------ Records supplied
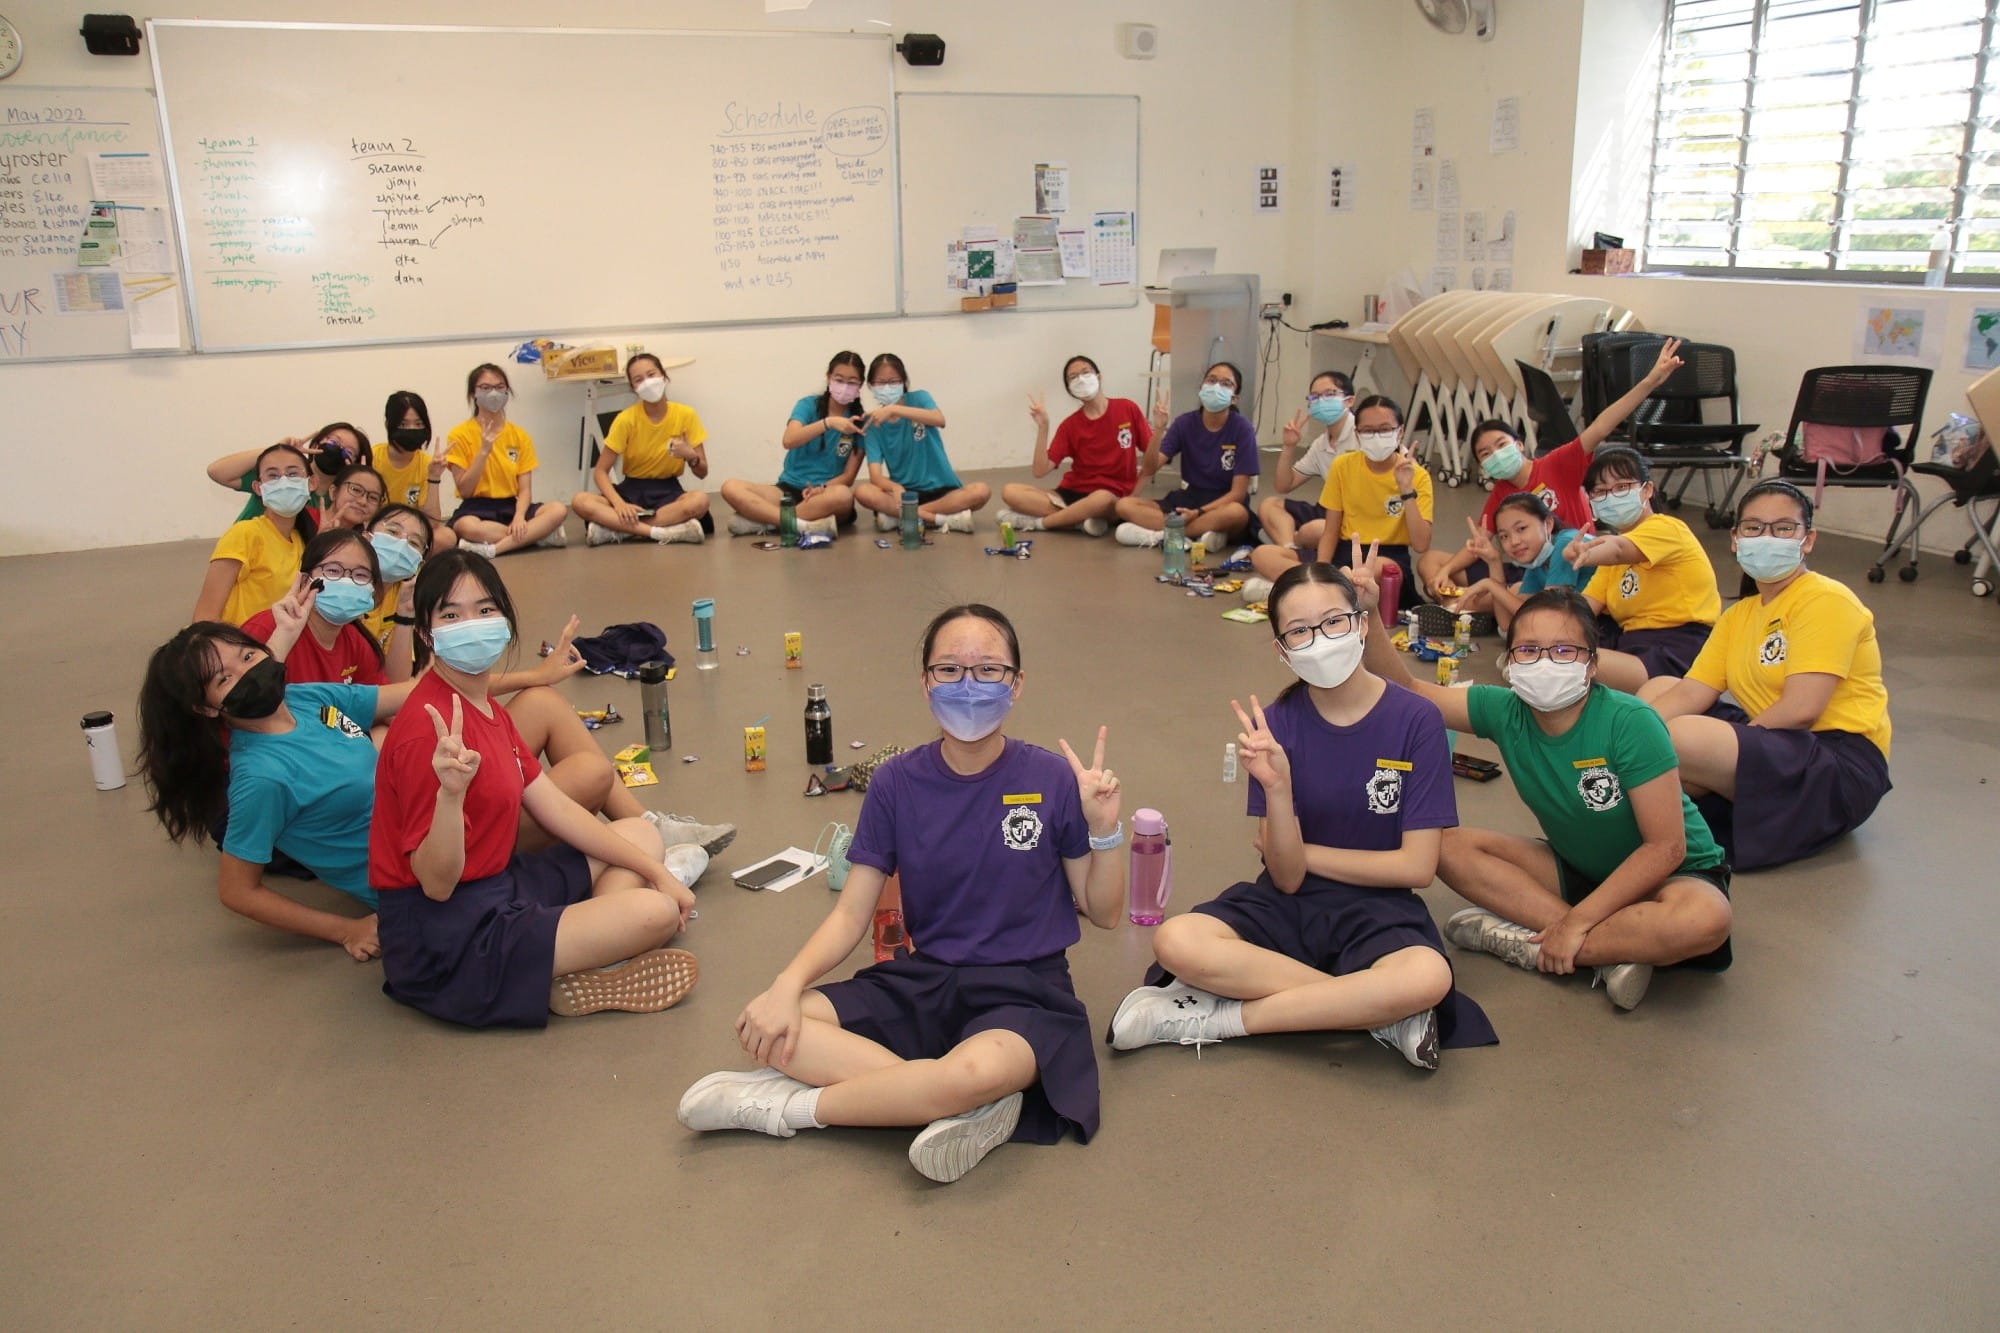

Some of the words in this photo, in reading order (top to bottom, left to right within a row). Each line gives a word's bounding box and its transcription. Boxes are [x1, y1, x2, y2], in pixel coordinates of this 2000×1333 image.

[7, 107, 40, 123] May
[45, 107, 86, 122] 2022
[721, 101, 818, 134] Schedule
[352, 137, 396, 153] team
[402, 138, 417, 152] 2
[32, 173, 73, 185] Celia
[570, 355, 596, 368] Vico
------------
**The problem**
Transcribe each entry exactly; images stay out.

**Written solution**
Some of the words in this photo, in reading order (top to bottom, left to right within a row). Each line gives a word's bounding box and its transcription. Boxes are [x1, y1, x2, y2], in pixel coordinates of this 2000×1333 image.

[7, 107, 40, 123] May
[45, 107, 86, 122] 2022
[721, 101, 818, 134] Schedule
[352, 137, 396, 153] team
[402, 138, 417, 152] 2
[32, 173, 73, 185] Celia
[570, 355, 596, 368] Vico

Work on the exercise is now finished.